Jean Carlos explica que projeto de lei garante remédio ao cidadão e evita judicialização na Saúde

por Marcos Vieira publicado 16/10/2019 17h05, última modificação 16/10/2019 17h05

O vereador Jean Carlos (PTB) subiu à tribuna, na sessão desta quarta-feira (16.out), para dar detalhes de projeto de lei de sua autoria que dispõe sobre o fornecimento de vale medicamento/autorização para usuário de medicamento que esteja temporariamente em falta na rede municipal.

O texto está na pauta para apreciação em plenário, mas tem tido sucessivos pedidos de vista. Ele retorna na lista de votação na próxima sessão ordinária, na segunda-feira (21.out).

Segundo Jean, ao contrário do parecer da Comissão de Finanças, Orçamento e Economia (CFOE), a propositura não gera novos custos aos cofres municipais. Ele explicou que se trata de mais uma rotina administrativa, que nada mais é do que uma autorização para se adquirir medicamentos já fornecidos pela rede em caso de falta e enquanto uma licitação não é concluída.

Na prática, salientou o vereador, a administração municipal irá abrir chamamento público credenciando laboratórios e farmácias. No caso da falta do medicamento, será permitido comprar o produto em falta para atender uma pessoa ou grupo, evitando inclusive processos judiciais comuns na área da saúde.

Jean citou o caso de diabéticos e doentes renais crônicos, que fazem uso contínuo de medicamentos.

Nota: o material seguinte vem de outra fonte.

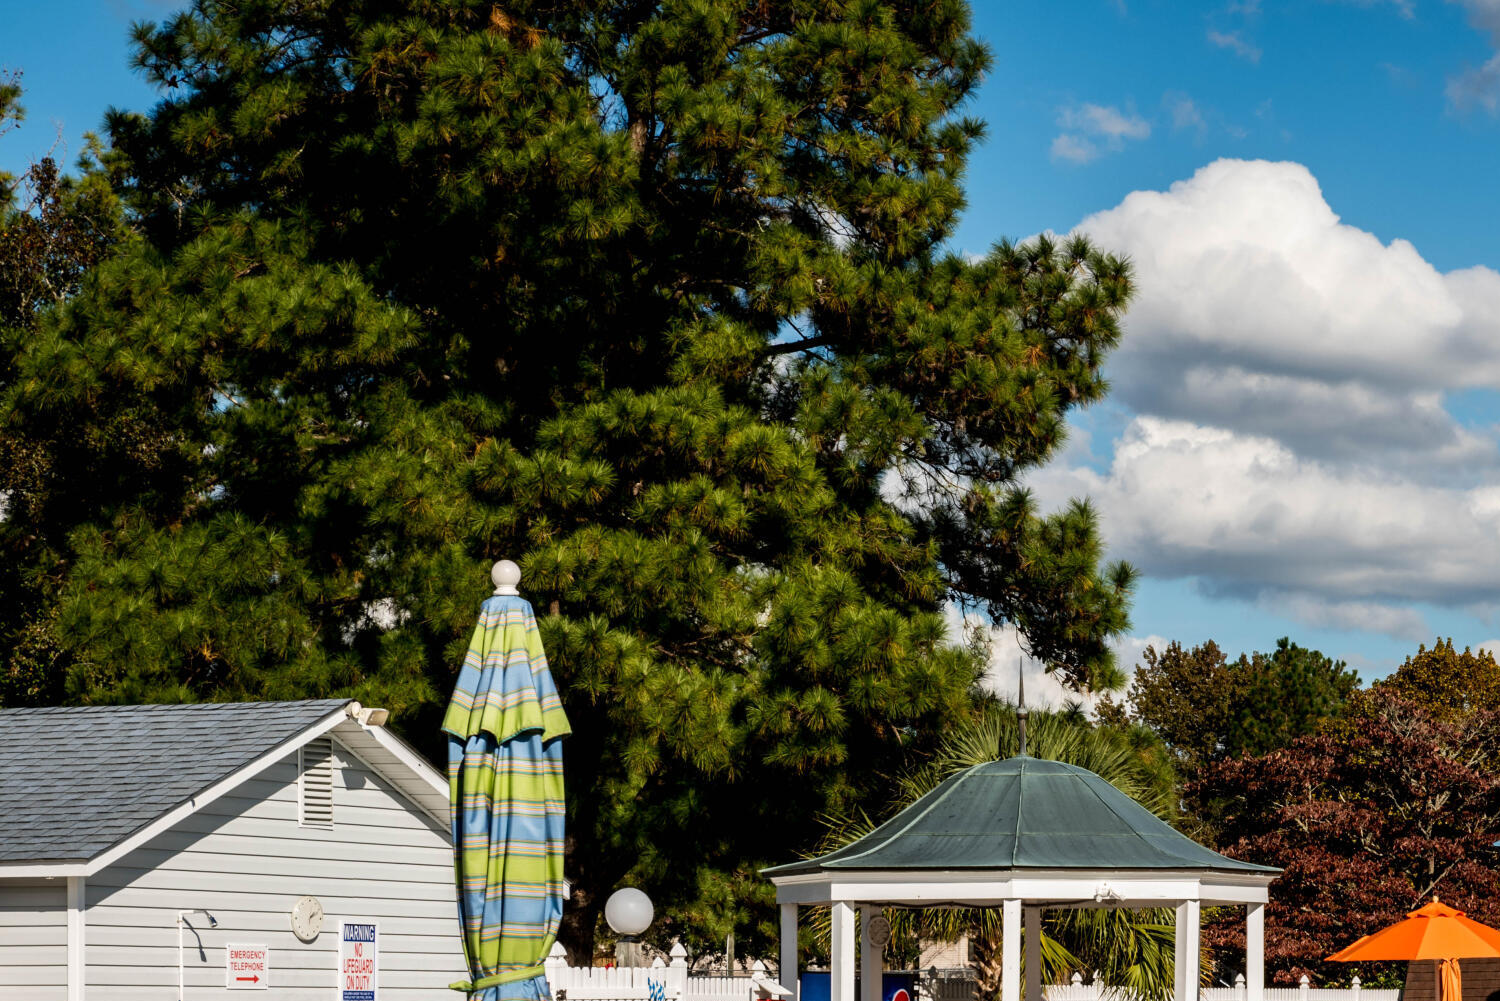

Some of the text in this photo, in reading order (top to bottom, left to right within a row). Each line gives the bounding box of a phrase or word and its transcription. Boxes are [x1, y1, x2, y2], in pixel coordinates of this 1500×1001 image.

Em caso da falta deles, e uma licitação ainda em andamento, o vale previsto no projeto de lei supriria a carência momentânea.

“O que se visa é preencher essa lacuna existente no serviço público e garantir o direito constitucional do acesso à saúde sem onerar os cofres municipais, afinal, não há inclusão de novos medicamentos”, ressaltou.

O vereador explicou que o que será criado é um dispositivo legal que garante o uso regular dos medicamentos, mesmo que estejam em falta temporariamente no serviço público.